> YOUR OBJECTIVE:
Take the data below and write it out exactly, except for the pictures.

> DATA EXTRACT:
☆ ☆ ☆

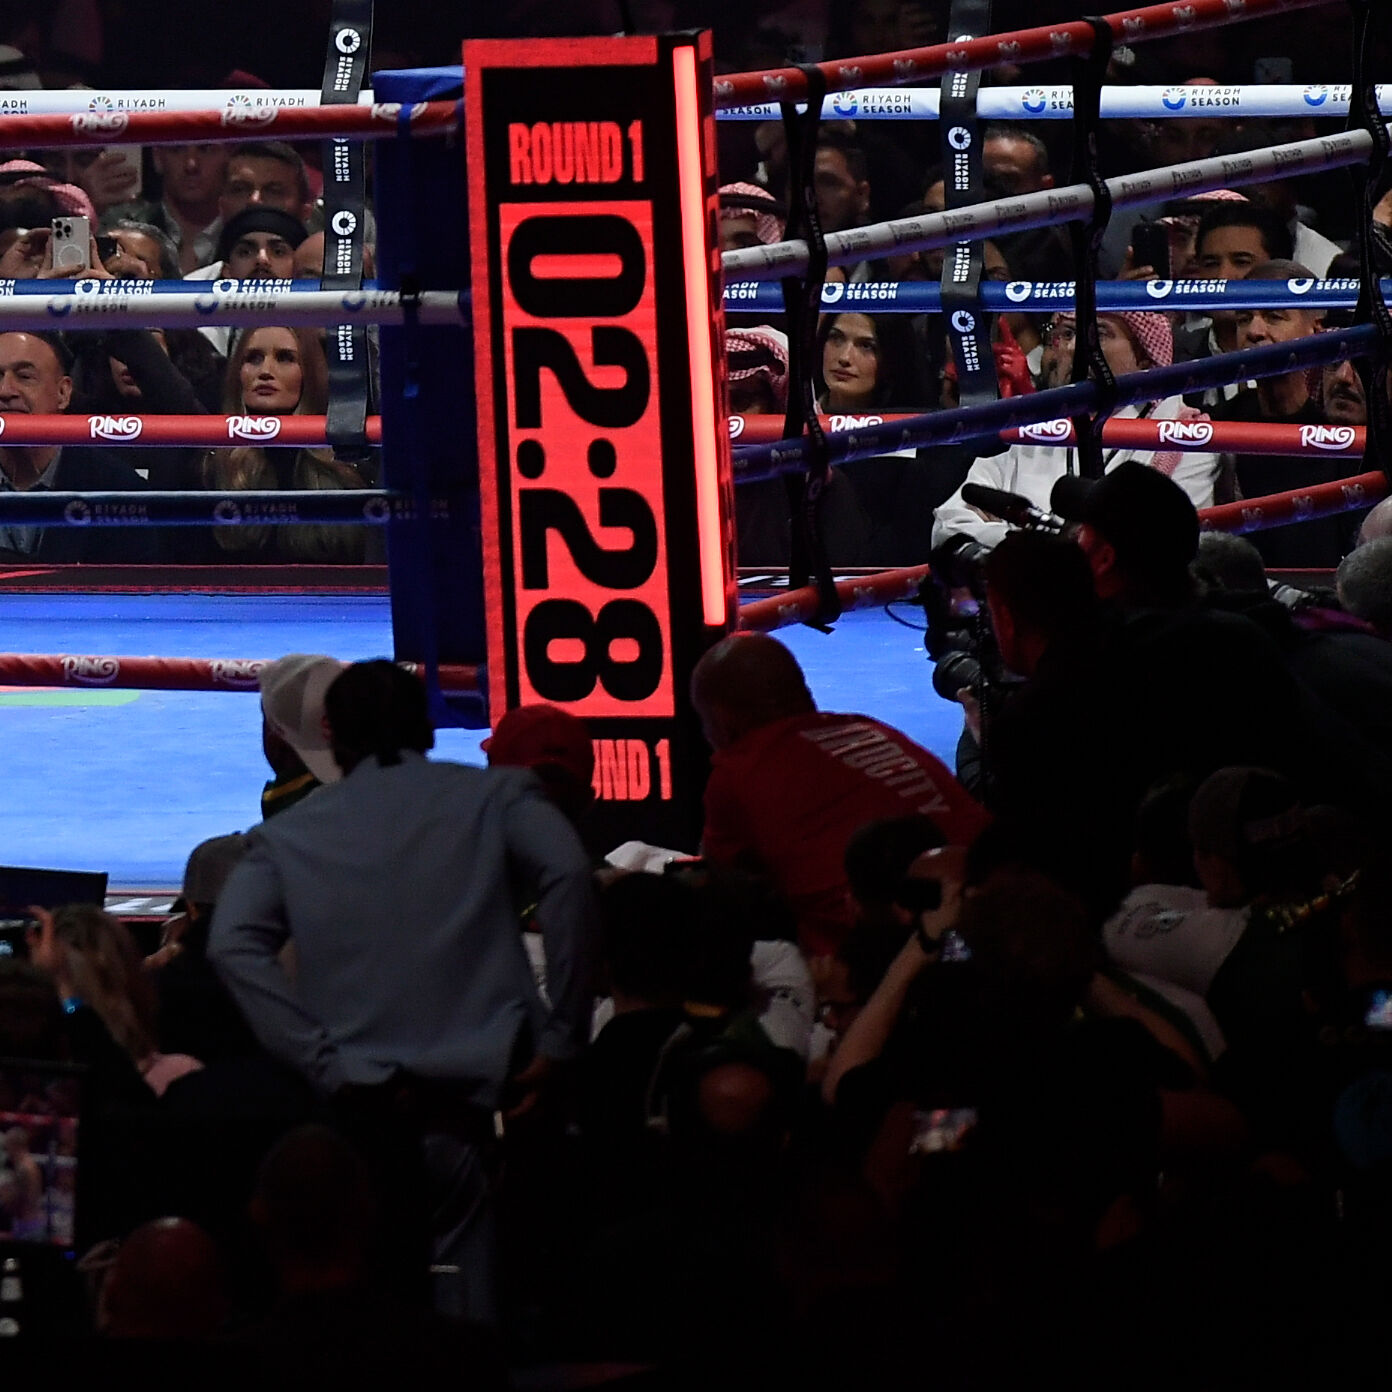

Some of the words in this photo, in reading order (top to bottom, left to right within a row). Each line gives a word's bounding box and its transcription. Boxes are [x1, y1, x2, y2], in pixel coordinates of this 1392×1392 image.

[334, 56, 346, 91] SEASON
[341, 57, 354, 91] RIYADH
[117, 98, 166, 107] RIYADH
[256, 97, 304, 106] RIYADH
[862, 94, 911, 104] RIYADH
[1191, 88, 1241, 96] RIYADH
[1191, 97, 1239, 106] SEASON
[722, 105, 772, 115] SEASON
[862, 104, 912, 114] SEASON
[335, 146, 344, 182] SEASON
[342, 146, 350, 182] RIYADH
[509, 121, 624, 185] ROUND
[627, 120, 644, 183] 1
[954, 154, 962, 190] SEASON
[961, 154, 969, 190] RIYADH
[337, 239, 345, 274] SEASON
[343, 239, 351, 274] RIYADH
[953, 247, 963, 282] SEASON
[961, 247, 970, 282] RIYADH
[103, 285, 152, 294] SEASON
[242, 285, 291, 294] SEASON
[847, 289, 897, 299] SEASON
[1175, 283, 1226, 293] SEASON
[88, 415, 142, 440] RING
[226, 415, 281, 441] RING
[1157, 421, 1213, 446] RING
[1299, 425, 1355, 450] RING
[507, 213, 664, 704] 02:28
[655, 738, 673, 800] 1
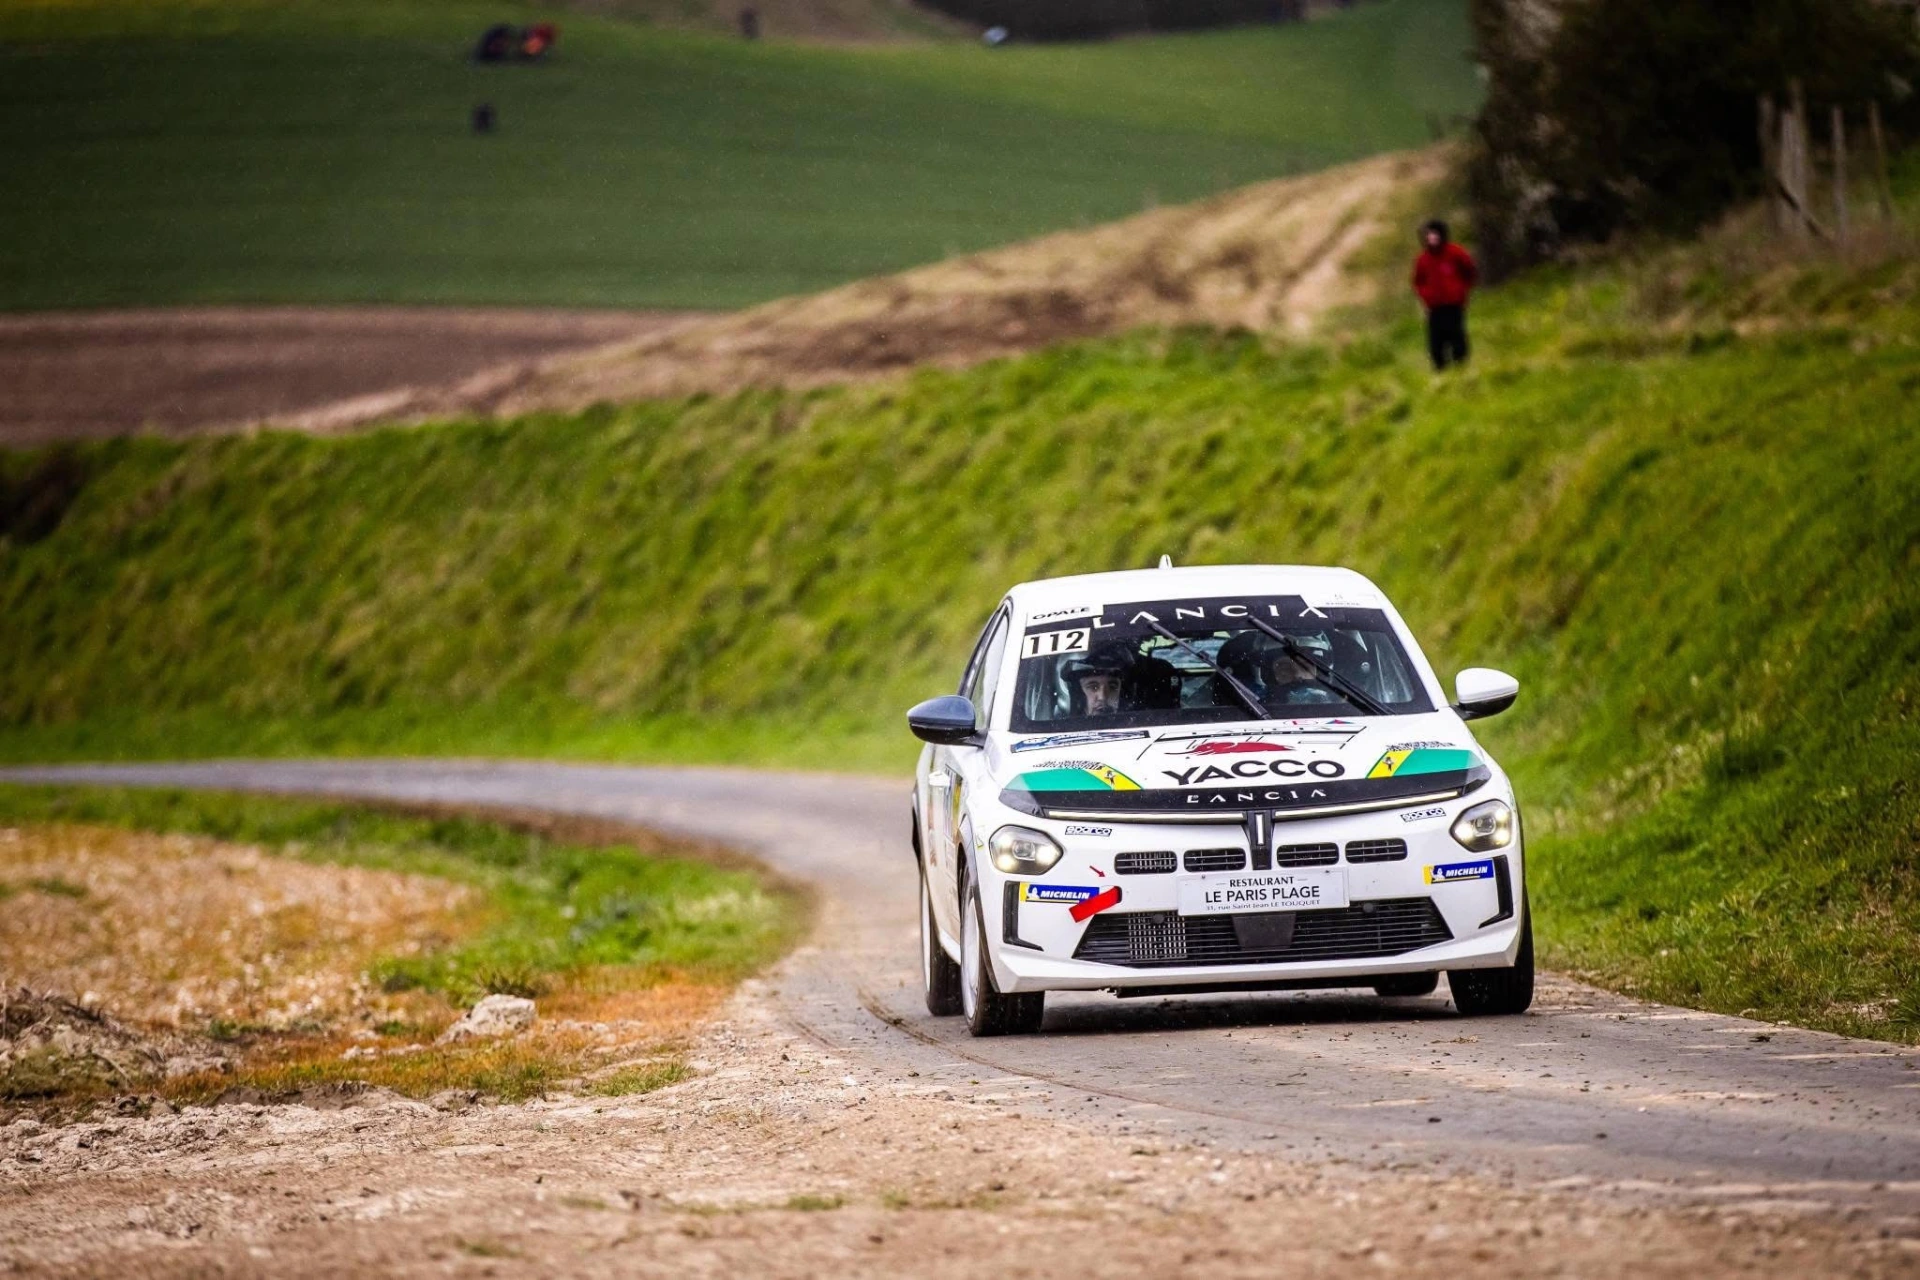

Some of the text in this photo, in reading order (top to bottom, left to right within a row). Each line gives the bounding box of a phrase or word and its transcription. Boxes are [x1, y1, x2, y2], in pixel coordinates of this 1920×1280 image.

☆ ☆ ☆

> RESULT FOR THIS TASK:
Some of the words in this photo, in reading order (top to bottom, left to right within a row). Each line gives a word's bounding box and its transcription. Boxes are [x1, y1, x2, y2], in pixel coordinates of this 1392×1392 image.

[334, 56, 346, 91] SEASON
[341, 57, 354, 91] RIYADH
[117, 98, 166, 107] RIYADH
[256, 97, 304, 106] RIYADH
[862, 94, 911, 104] RIYADH
[1191, 88, 1241, 96] RIYADH
[1191, 97, 1239, 106] SEASON
[722, 105, 772, 115] SEASON
[862, 104, 912, 114] SEASON
[335, 146, 344, 182] SEASON
[342, 146, 350, 182] RIYADH
[509, 121, 624, 185] ROUND
[627, 120, 644, 183] 1
[954, 154, 962, 190] SEASON
[961, 154, 969, 190] RIYADH
[337, 239, 345, 274] SEASON
[343, 239, 351, 274] RIYADH
[953, 247, 963, 282] SEASON
[961, 247, 970, 282] RIYADH
[103, 285, 152, 294] SEASON
[242, 285, 291, 294] SEASON
[847, 289, 897, 299] SEASON
[1175, 283, 1226, 293] SEASON
[88, 415, 142, 440] RING
[226, 415, 281, 441] RING
[1157, 421, 1213, 446] RING
[1299, 425, 1355, 450] RING
[507, 213, 664, 704] 02:28
[655, 738, 673, 800] 1

Some of the text in this photo, in reading order (top to bottom, left to right within a row). Each line gives the bounding box of a phrase or word and its transcription. Boxes are [x1, y1, x2, y2], in pixel coordinates of this 1920×1280 image.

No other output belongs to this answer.